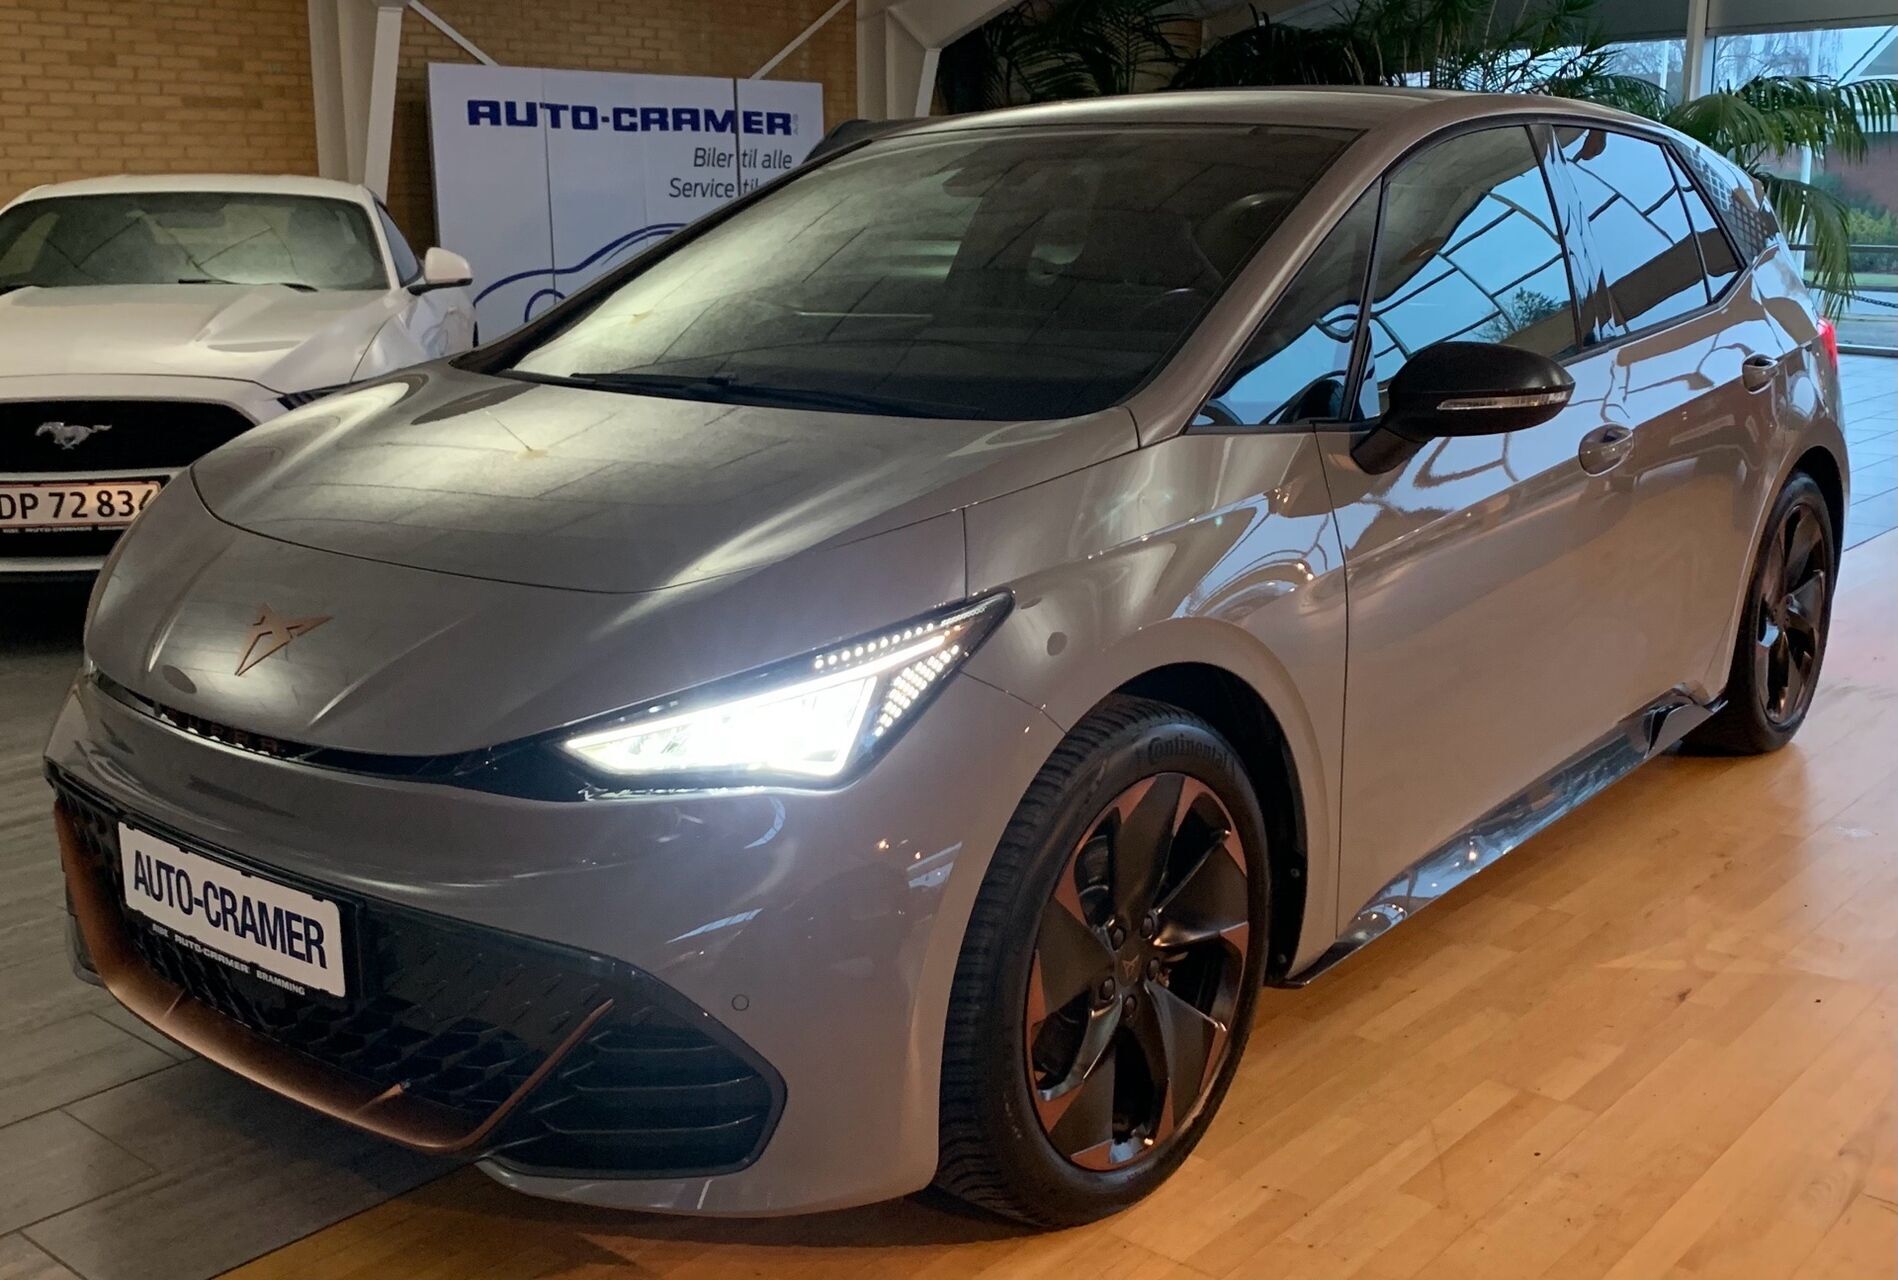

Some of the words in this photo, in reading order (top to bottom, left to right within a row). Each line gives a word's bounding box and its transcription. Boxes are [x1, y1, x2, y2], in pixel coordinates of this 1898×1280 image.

[467, 99, 792, 136] AUTO-CRAMER
[693, 147, 734, 168] Biler
[741, 148, 758, 169] til
[761, 149, 793, 170] alle
[668, 177, 735, 198] Service
[0, 493, 39, 520] DP
[48, 491, 88, 518] 72
[134, 849, 328, 970] AUTO-CRAMER
[174, 933, 250, 975] AUTO-CRAMER
[256, 969, 306, 997] BRAMMING
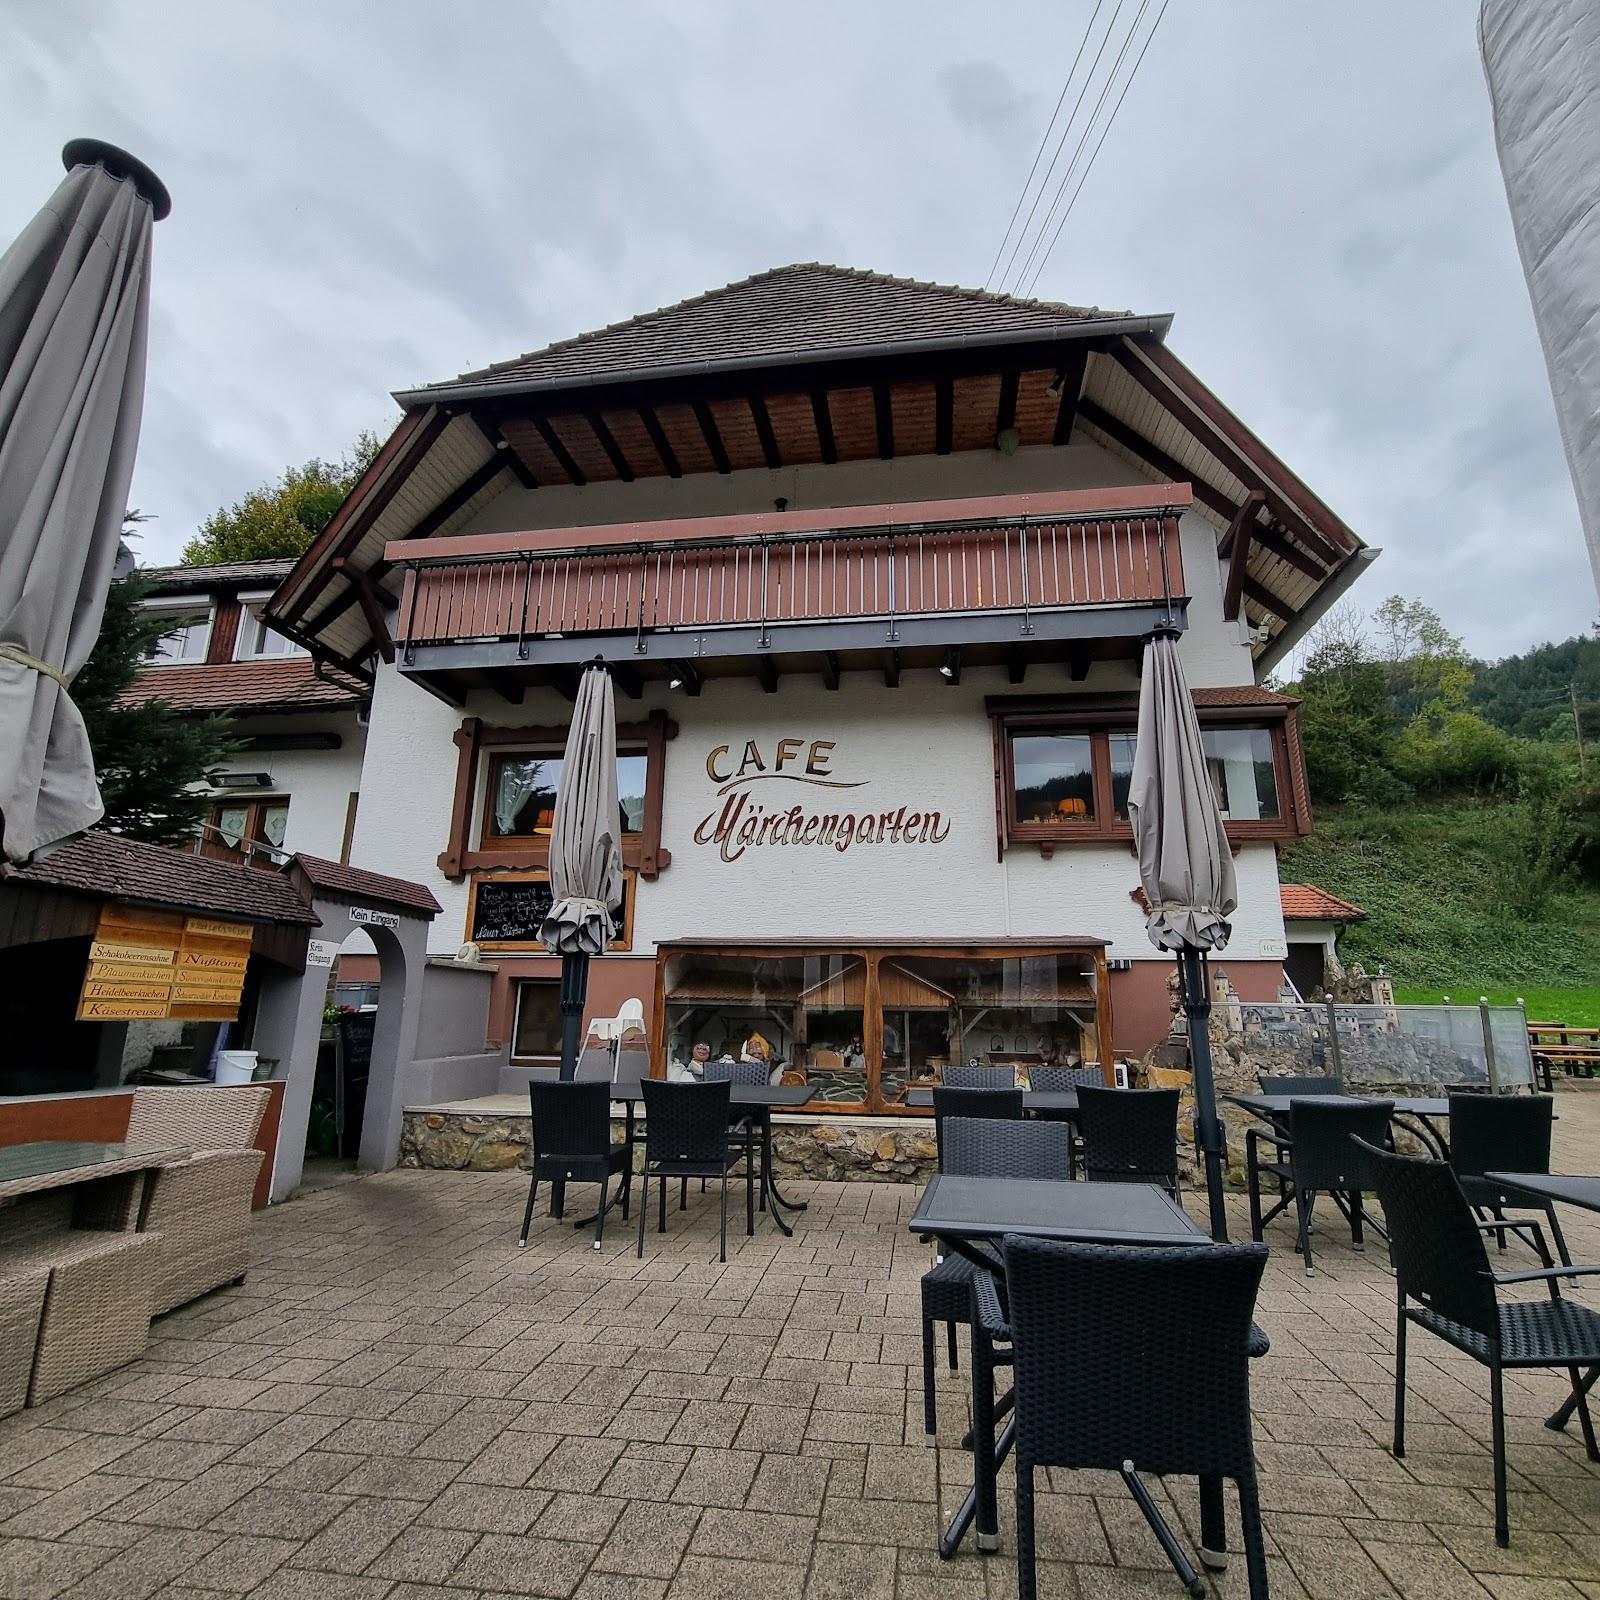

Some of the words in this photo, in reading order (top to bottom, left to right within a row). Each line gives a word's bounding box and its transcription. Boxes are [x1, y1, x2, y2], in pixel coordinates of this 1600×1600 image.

[706, 738, 837, 784] CAFE
[693, 790, 951, 863] Märchengarten
[351, 907, 368, 921] Kein
[371, 911, 399, 927] Eingang
[475, 924, 500, 939] Neuer
[94, 945, 170, 963] Schokobeerensahne
[310, 941, 323, 952] Kein
[184, 954, 244, 969] Nußtorte
[308, 952, 331, 964] Eingang
[96, 964, 171, 980] Pflaumenkuchen
[90, 984, 165, 998] Heidelbeerkuchen
[89, 1001, 164, 1017] Käsestreusel

### YOUR INSTRUCTIONS
Could you restate every record above word for word, dropping the pictures?

### TASK SOLUTION
Some of the words in this photo, in reading order (top to bottom, left to right within a row). Each line gives a word's bounding box and its transcription. Boxes are [x1, y1, x2, y2], in pixel coordinates of this 1898×1280 image.

[467, 99, 792, 136] AUTO-CRAMER
[693, 147, 734, 168] Biler
[741, 148, 758, 169] til
[761, 149, 793, 170] alle
[668, 177, 735, 198] Service
[0, 493, 39, 520] DP
[48, 491, 88, 518] 72
[134, 849, 328, 970] AUTO-CRAMER
[174, 933, 250, 975] AUTO-CRAMER
[256, 969, 306, 997] BRAMMING

Some of the words in this photo, in reading order (top to bottom, left to right within a row). Each line gives a word's bounding box and its transcription. Boxes are [x1, y1, x2, y2], in pixel coordinates of this 1600×1600 image.

[706, 738, 837, 784] CAFE
[693, 790, 951, 863] Märchengarten
[351, 907, 368, 921] Kein
[371, 911, 399, 927] Eingang
[475, 924, 500, 939] Neuer
[94, 945, 170, 963] Schokobeerensahne
[310, 941, 323, 952] Kein
[184, 954, 244, 969] Nußtorte
[308, 952, 331, 964] Eingang
[96, 964, 171, 980] Pflaumenkuchen
[90, 984, 165, 998] Heidelbeerkuchen
[89, 1001, 164, 1017] Käsestreusel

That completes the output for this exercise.